Puerto Rican baseball player (born 1966)

Edwin Josue Correa (born April 29, 1966) is a Puerto Rican former professional baseball player from Puerto Rico. He played three seasons in Major League Baseball (MLB), debuting in 1985 for the Chicago White Sox and playing for the Texas Rangers in the 1986 and 1987 seasons.

== Biography ==
Correa was born on April 29, 1966 in Hato Rey, Puerto Rico. His father was a police officer and his mother was a nurse.

== MLB career ==
As a rookie in 1986, Correa lead all rookies with 189 strikeouts and was part of the "Kiddie Corps" of Rangers rookies that helped the team to a surprising 2nd-place finish with a record of 87–75. At the age of 20, Correa was one of the youngest players in Major League Baseball at the time.

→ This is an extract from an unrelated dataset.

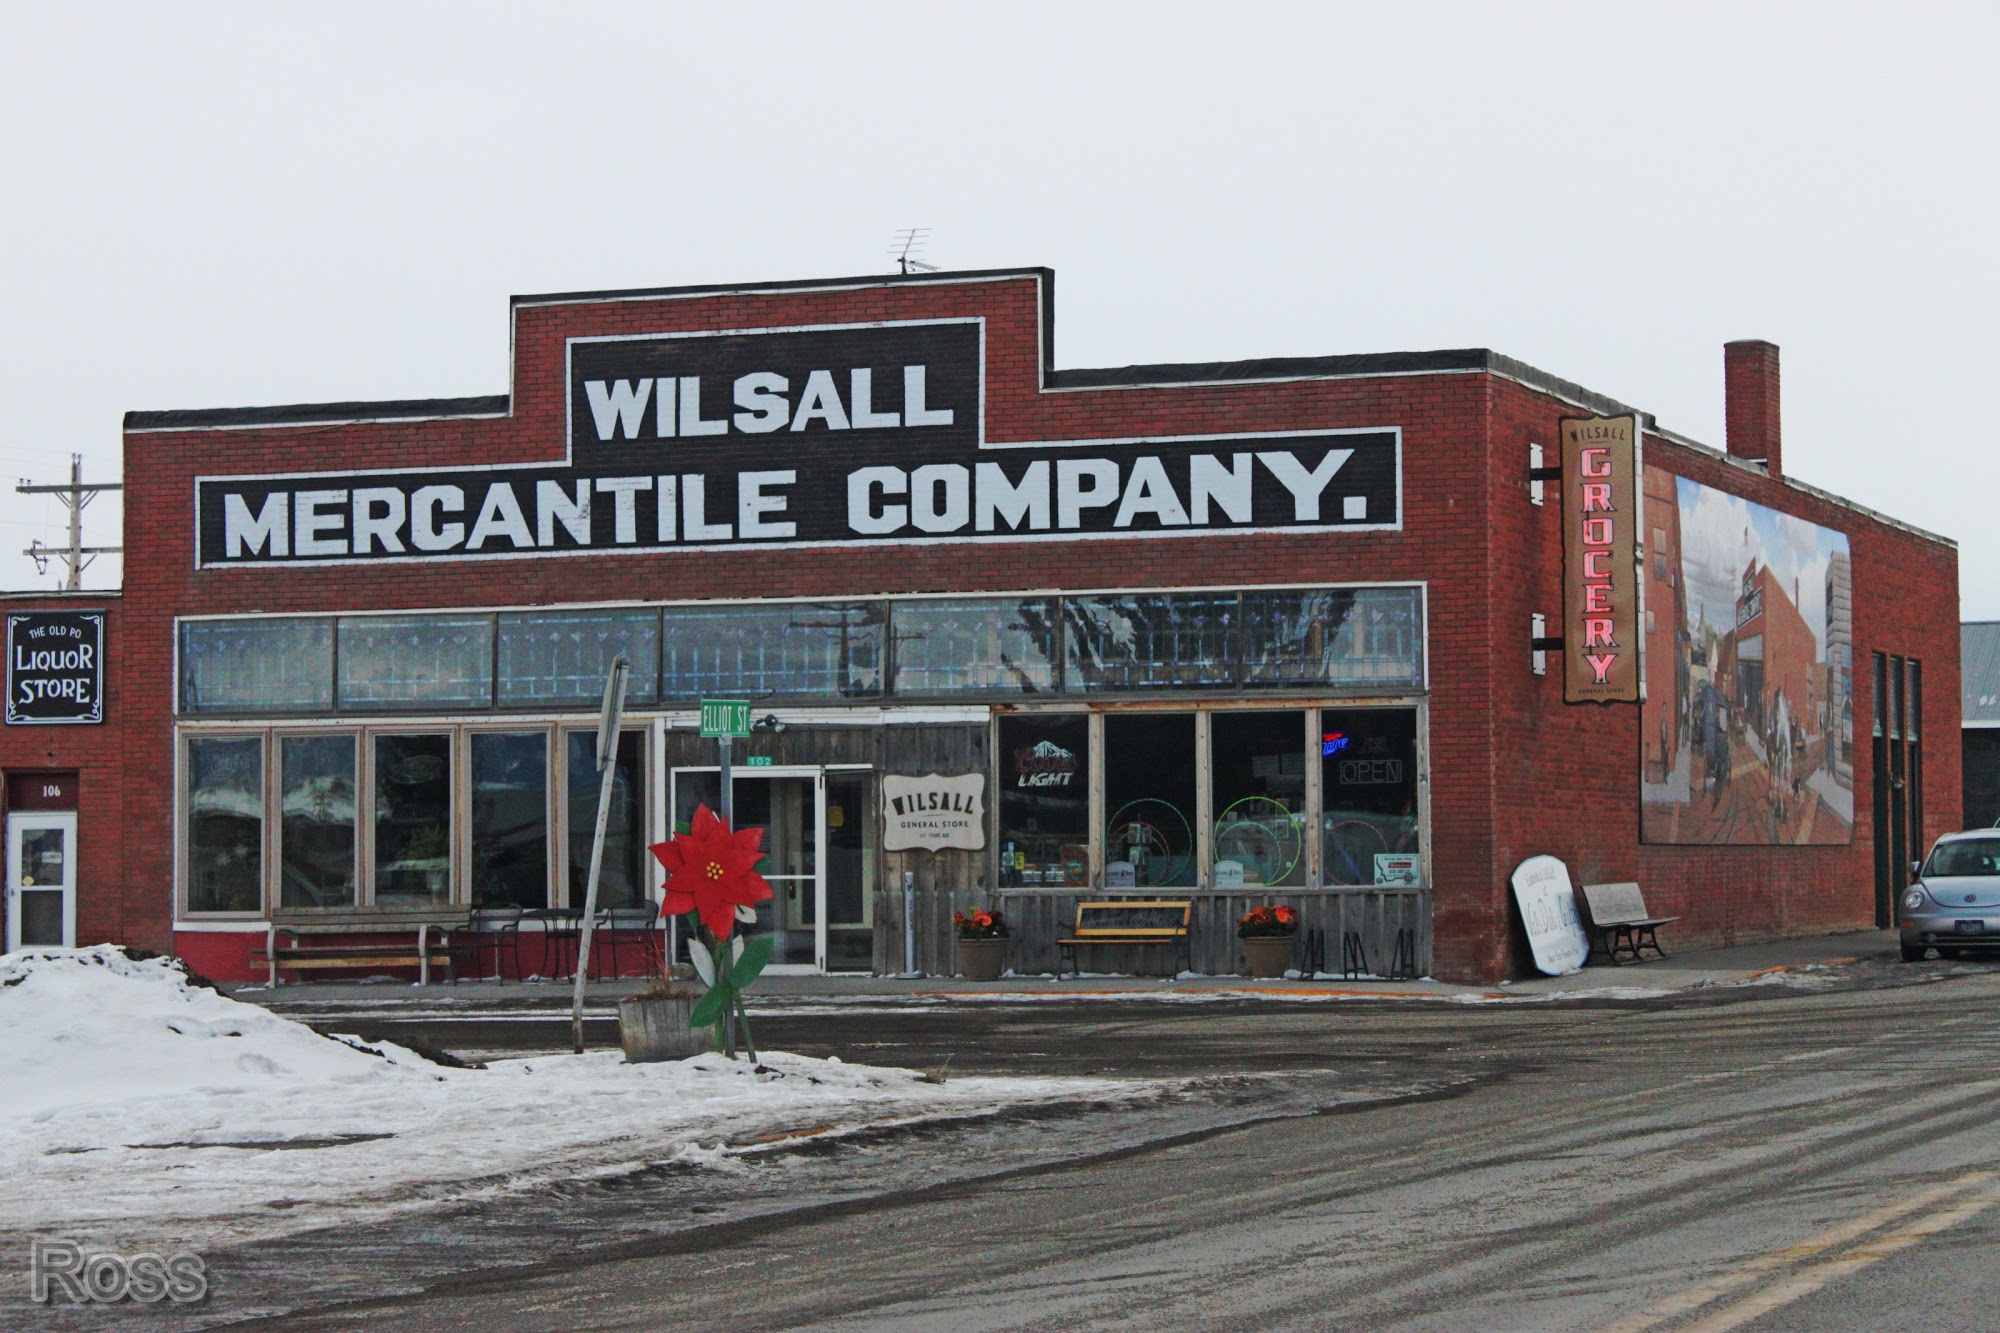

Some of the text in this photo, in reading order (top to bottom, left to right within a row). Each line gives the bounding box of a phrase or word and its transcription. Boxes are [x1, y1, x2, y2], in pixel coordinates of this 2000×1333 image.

Correa and his team in the 2007 Pony League World Series

Correa was a practicing Seventh-day Adventist and as such would not pitch in any game from sundown Friday till sundown Saturday. The Rangers were able to work around this disruption to their five-man pitching staff due to Charlie Hough's ability to pitch often on short rest. In 1987 Correa injured his arm and never pitched in the majors again.

== Post-MLB career ==
Correa managed the Trujillo Alto, Puerto Rico PONY Baseball team that won the 2007 World Series in Washington, Pennsylvania. His team played against seven other teams to win the title.

Correa founded the Puerto Rico Baseball Academy and High School, a secondary school that also offers intensive baseball training in addition to its academic program.